Dopo un anno di pandemia, una cosa mi appare oltremodo chiara: molti tra gli 86.000 esseri umani che hanno perso la vita, fino ad oggi, nel nostro paese potevano essere curati e sopravvivere.

Con il plasma, con gli anticorpi monoclonali, con altri farmaci attualmente impiegati per contrastare gli effetti della malattia indotta da SARS-CoV-2 e che rientrano principalmente in 4 categorie:

antivirali: impediscono al virus di replicarsi nelle cellule e sono efficaci nelle fasi precoci della malattia;

immunostimolanti: supportano l’azione del sistema immunitario contro il virus;

anti-coagulanti: riducono il rischio di eventi trombotici;

immunomodulanti con attività antinfiammatoria: per le forme di malattia con iper attivazione del sistema immunitario e sindrome da rilascio citochinico.

Ma tutti questi farmaci sono efficaci solo nella fase precoce della malattia.

E invece, a causa dello smantellamento della medicina territoriale e delle strutture sanitarie pubbliche perpetrati/e da tutti i governi nazionali e regionali nel corso dell’ultimo decennio, tantissine delle 86.000 persone colpite dal Covid sono morte in casa o attaccate ad un tubo dopo un ricovero tardivo.

Quelle erano cure costose? E le terapie intensive quanto costano? E la vita di ognuno di noi quanto vale davvero? Poco, anzi, nulla.

Il Recovery Plan (Piano Nazionale di “Ripresa e Resilienza”) approvato in Consiglio dei Ministri il 12 gennaio 2021 prevede che solo 5 dei 209 miliardi del Recovery fund potranno essere spesi per la “medicina territoriale”.

Ma non è dato sapere né a chi (quanto ai privati?), né quando saranno davvero disponibili questi fondi che, sebbene vengano ossessivamente indicati all’unisono dai grandi mezzi di comunicazione come “incondizionati” ed “a fondo perduto”, sono in realtà il grimaldello dell’Unione Europea per avviare una nuova stagione di austerity dopo la temporanea sospensione dei vincoli, resa necessaria dall’emergenza epidemiologica: le tanto invocate “riforme strutturali” basate su tagli alla spesa sociale e un nuovo round di privatizzazioni.

Intanto, l’unica certezza è che il livello del fabbisogno sanitario nazionale fissato per il triennio 2019-2021 è di 114.439 milioni di euro nel 2019 (successivamente rideterminato a 113.810 milioni), con successivi incrementi programmati pari a 2.000 milioni per il 2020 (quindi 116.439 milioni) e ulteriori 1.500 milioni per il 2021 (117.939 milioni).

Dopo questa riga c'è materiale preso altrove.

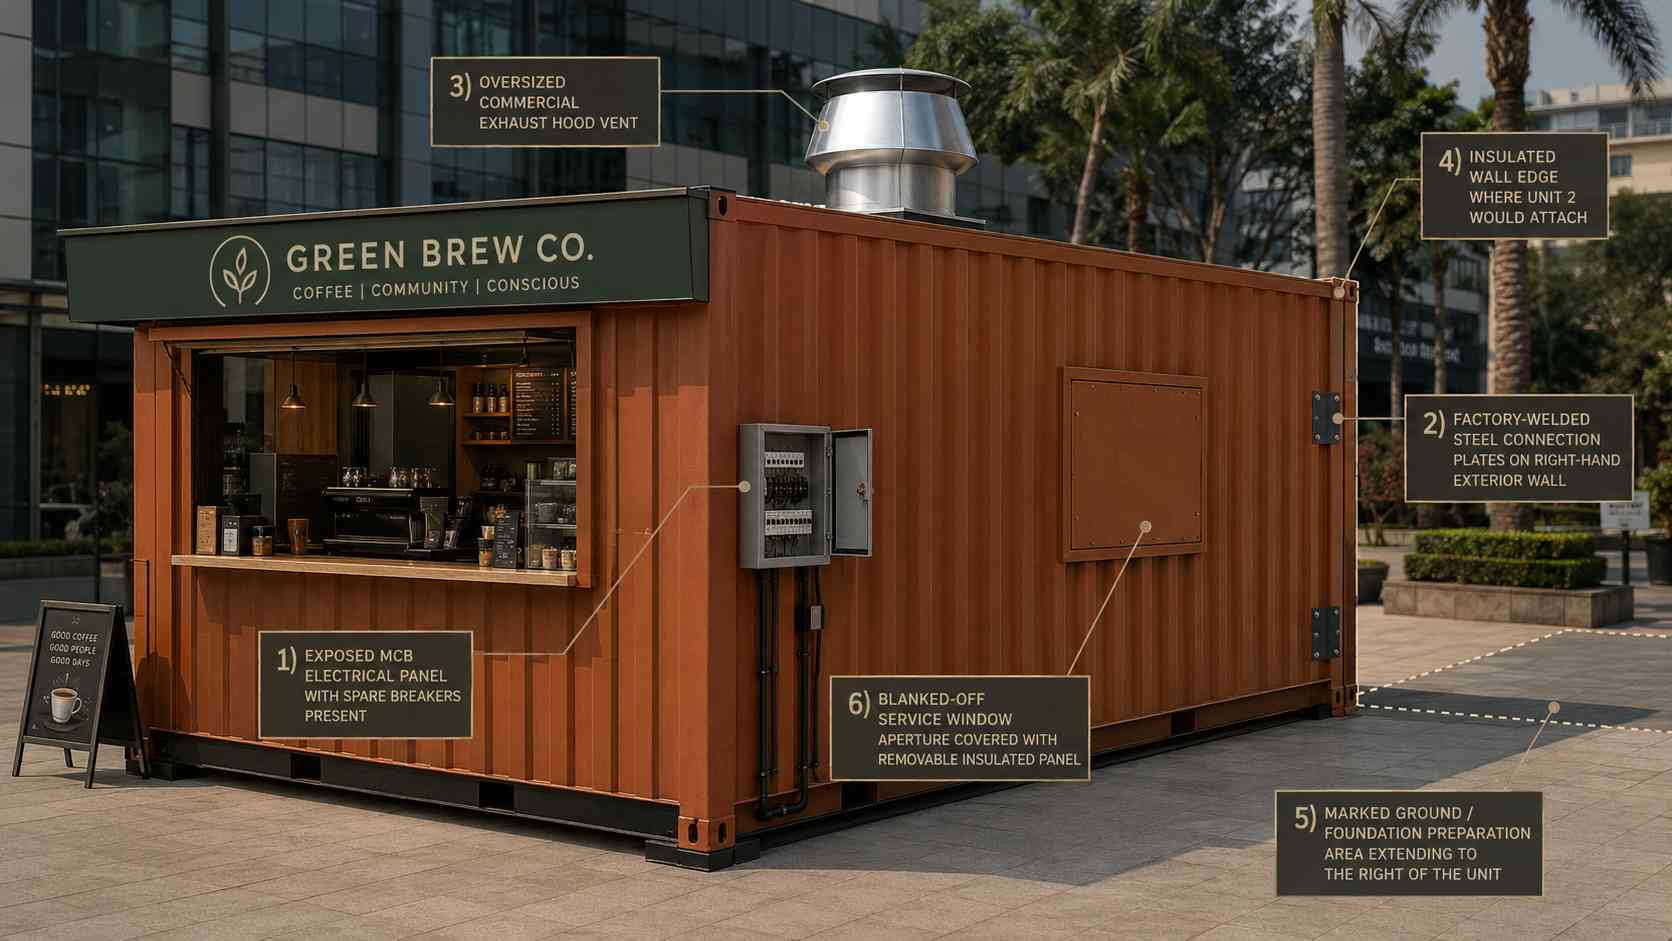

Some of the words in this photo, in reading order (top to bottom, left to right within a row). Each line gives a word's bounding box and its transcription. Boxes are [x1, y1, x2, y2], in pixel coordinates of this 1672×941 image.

[286, 240, 404, 273] GREEN
[422, 235, 524, 267] BREW
[536, 232, 594, 263] CO.
[293, 284, 353, 300] COFFEE
[371, 280, 468, 297] COMMUNITY
[487, 276, 580, 293] CONSCIOUS
[51, 631, 71, 640] GOOD
[72, 632, 98, 642] COFFEE
[50, 644, 69, 652] GOOD
[71, 645, 96, 654] PEOPLE
[50, 656, 70, 665] GOOD
[72, 658, 91, 668] DAYS
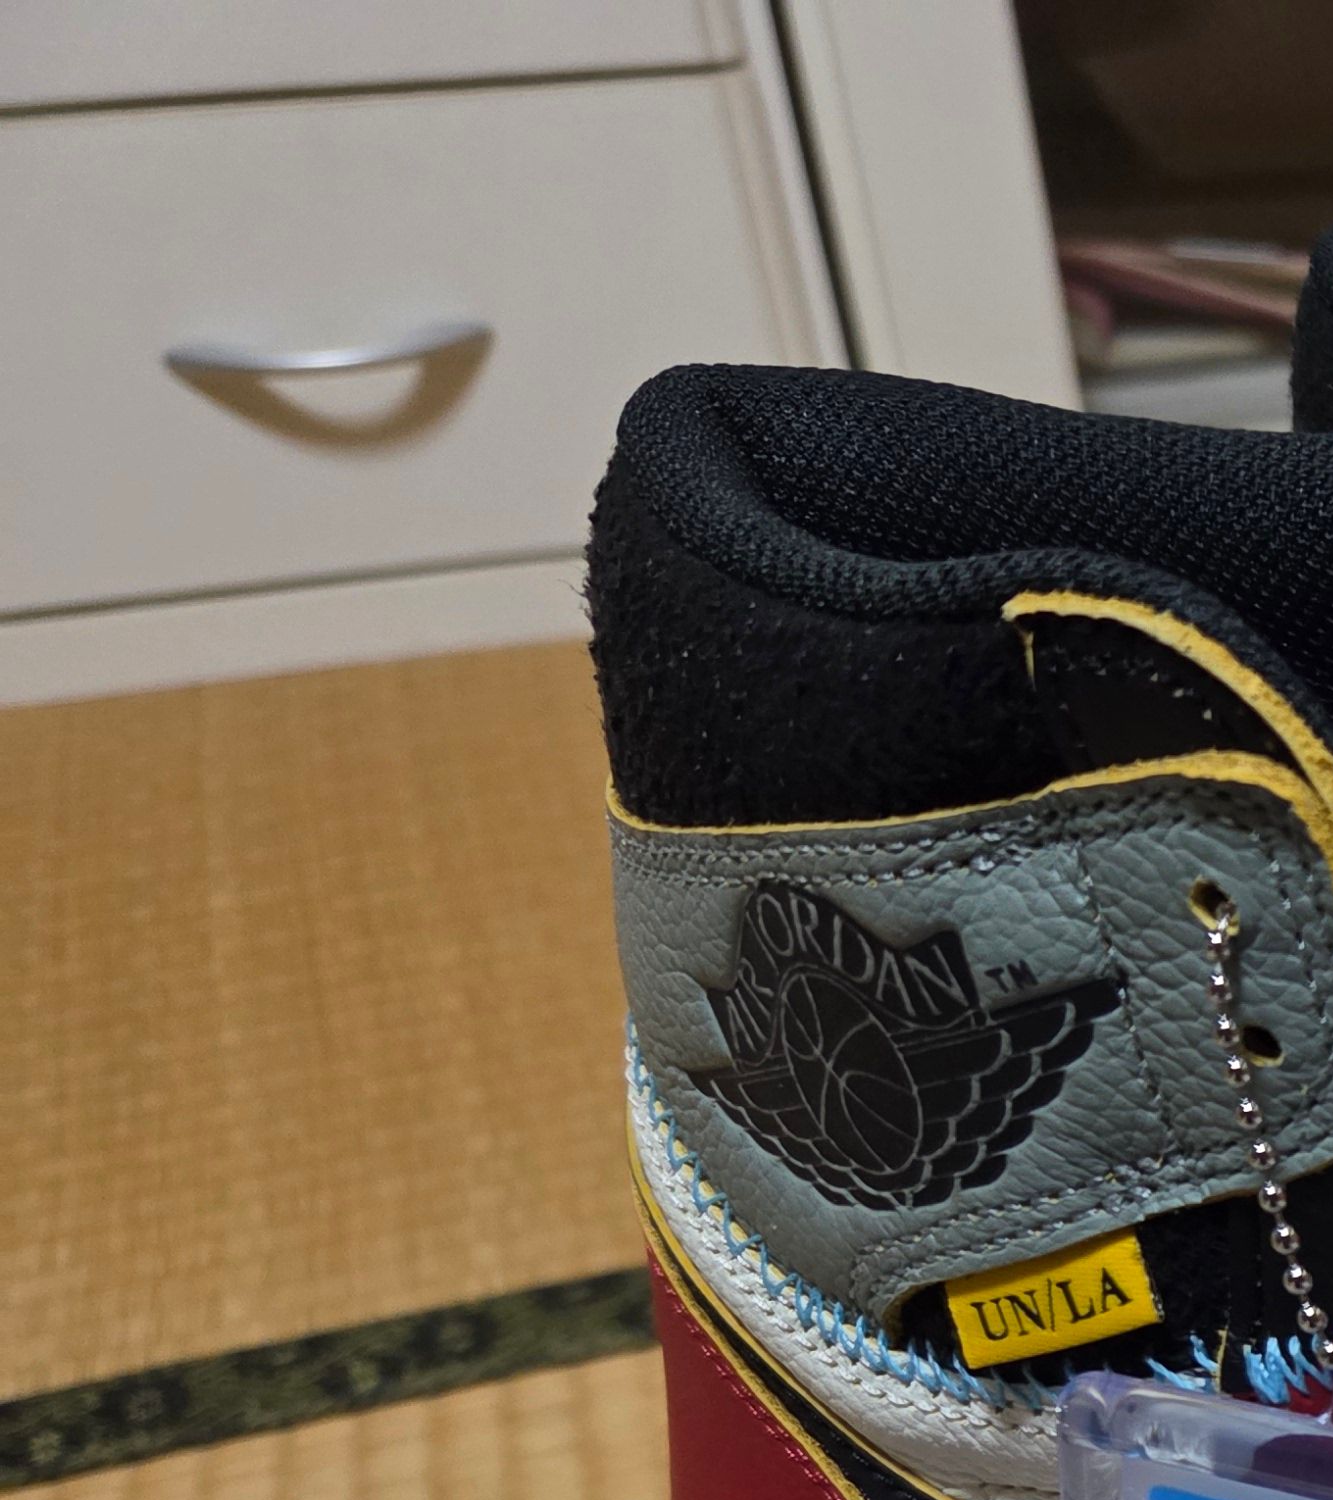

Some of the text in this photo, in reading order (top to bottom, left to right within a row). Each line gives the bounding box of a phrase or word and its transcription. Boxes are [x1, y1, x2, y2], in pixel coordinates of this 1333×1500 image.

[726, 891, 971, 1052] AIR JORDAN
[970, 1267, 1133, 1341] UN/LA
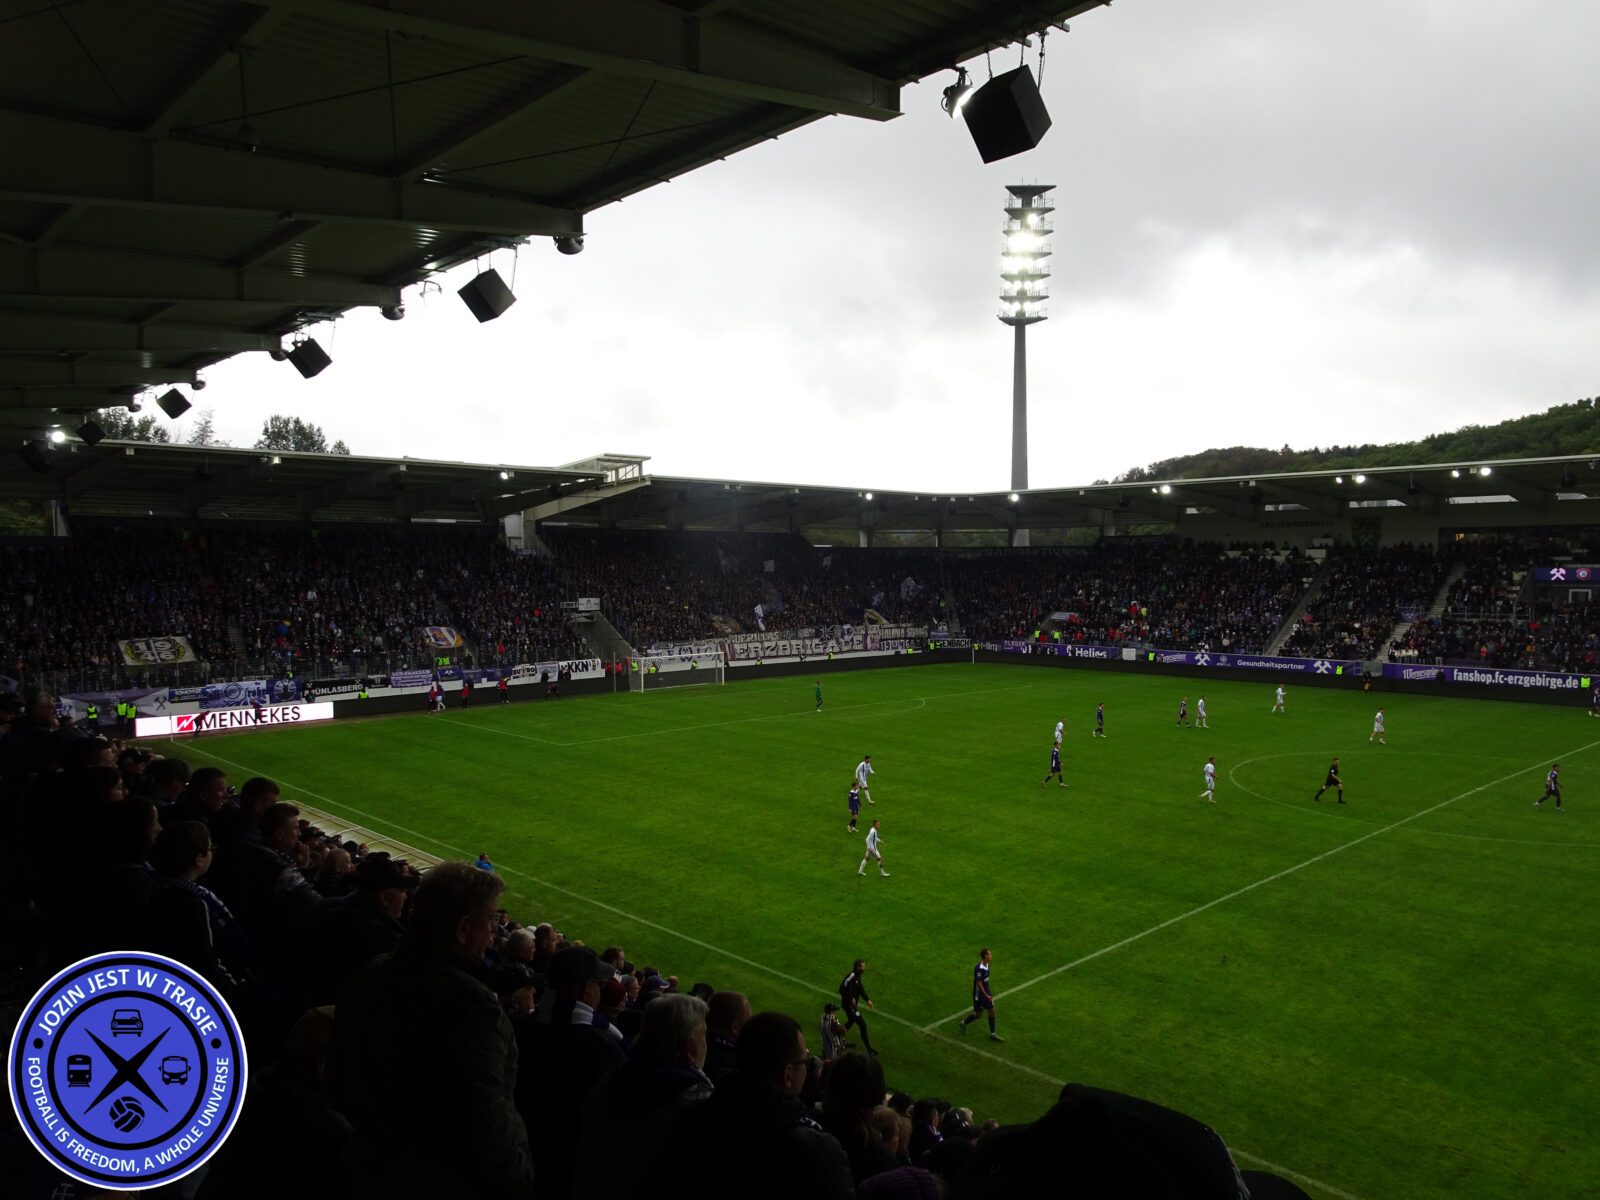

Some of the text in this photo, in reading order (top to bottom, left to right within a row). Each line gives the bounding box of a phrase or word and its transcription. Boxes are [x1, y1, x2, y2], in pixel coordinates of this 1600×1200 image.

[1075, 647, 1107, 660] Helios
[1237, 659, 1305, 671] Gesundheitspartner
[1453, 668, 1579, 693] fanshop.fc-erzgebirge.de
[202, 706, 300, 729] MENNEKES
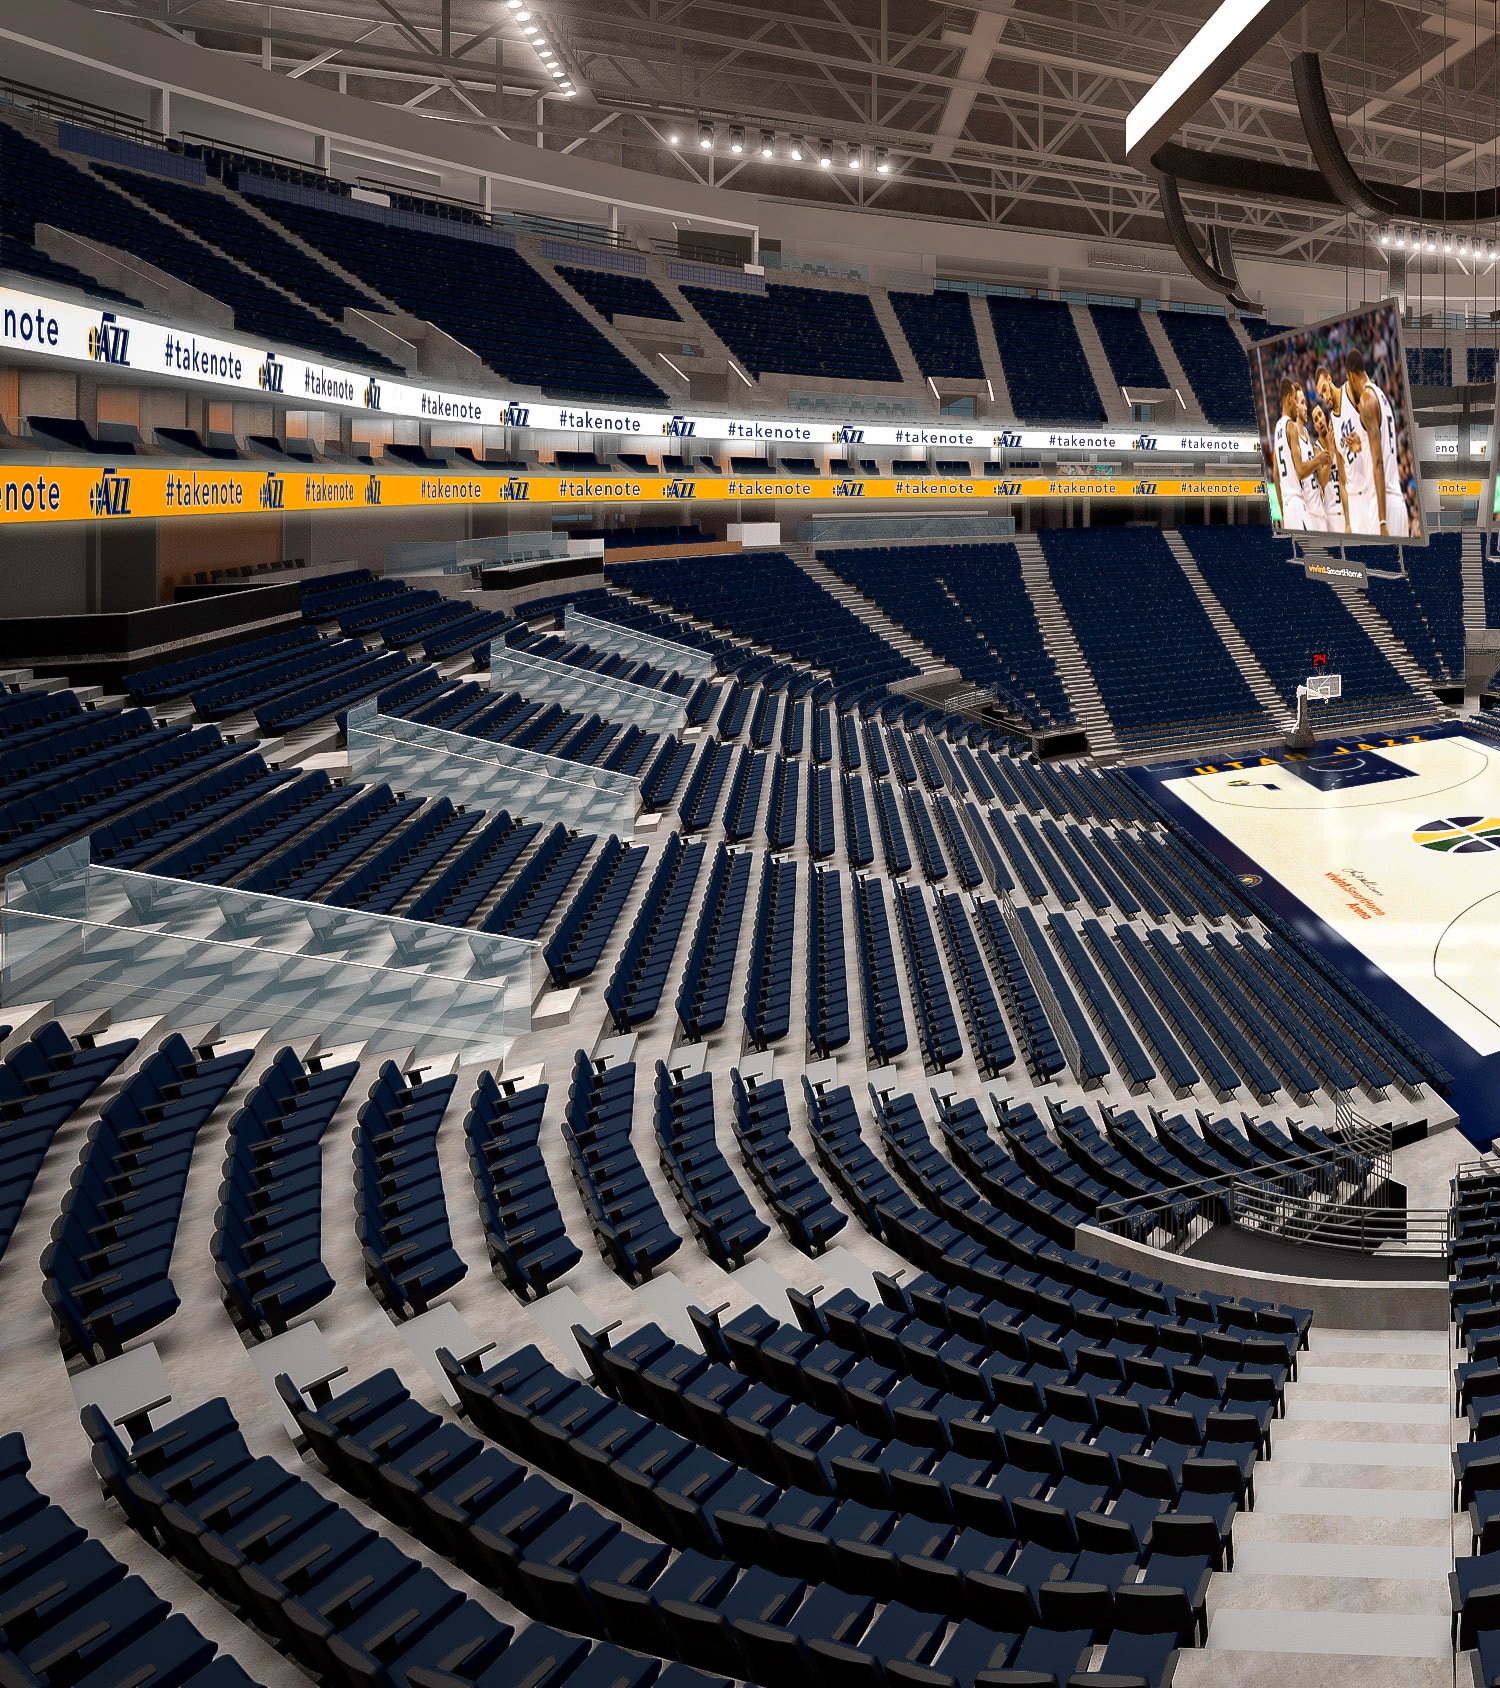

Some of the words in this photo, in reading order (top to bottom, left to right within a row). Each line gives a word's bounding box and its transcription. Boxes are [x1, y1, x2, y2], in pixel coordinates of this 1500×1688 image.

E per l’emergenza epidemiologica (DEF 2020), il Governo ha incrementato il fabbisogno sanitario standard a 119.556 milioni nel 2020 cui si aggiungeranno, per l’appunto, i 1.500 milioni già previsti per il 2021. Tutto qui? Si, come se la pandemia non ci fosse mai stata.

Servirebbe un altro lockdown come a marzo 2020. “Sì. Un lockdown vero di tre o quattro settimane”, ha detto a Radio Popolare il professor Walter Ricciardi, consulente del ministro della Salute Speranza.

Un appello caduto nel vuoto: sia il ministro Speranza che il Comitato Tecnico Scientifico non lo hanno raccolto. Il motivo? La Confindustria, che ha usato il cavallo di troia Renzi per far cadere il governo Conte bis, non vuole il lockdown e spinge per un “governo di salvezza nazionale” . Ma “salvezza” di chi?

Il potere, quello reale, piega sempre il significato delle parole ai suoi fini: chi manovra dietro le quinte vuole solo “salvare” privilegi e profitti. Soprattutto, vuole gestire direttamente la questione del recovery plan mettendo a capo del nuovo governo un suo uomo di fiducia in grado di garantirgli un accesso immediato e senza ostacoli a tutte le risorse disponibili. E poco importa se moriranno altre migliaia di persone. Il capitale prima di tutto!

D’altronde, “loro”, i padroni, sono in guerra da sempre e con tutto il genere umano: chiunque non sia più “necessario allo sforzo produttivo” perché anziano, malato o obsoleto, può andarsene tranquillamente al creatore. E cosi sia.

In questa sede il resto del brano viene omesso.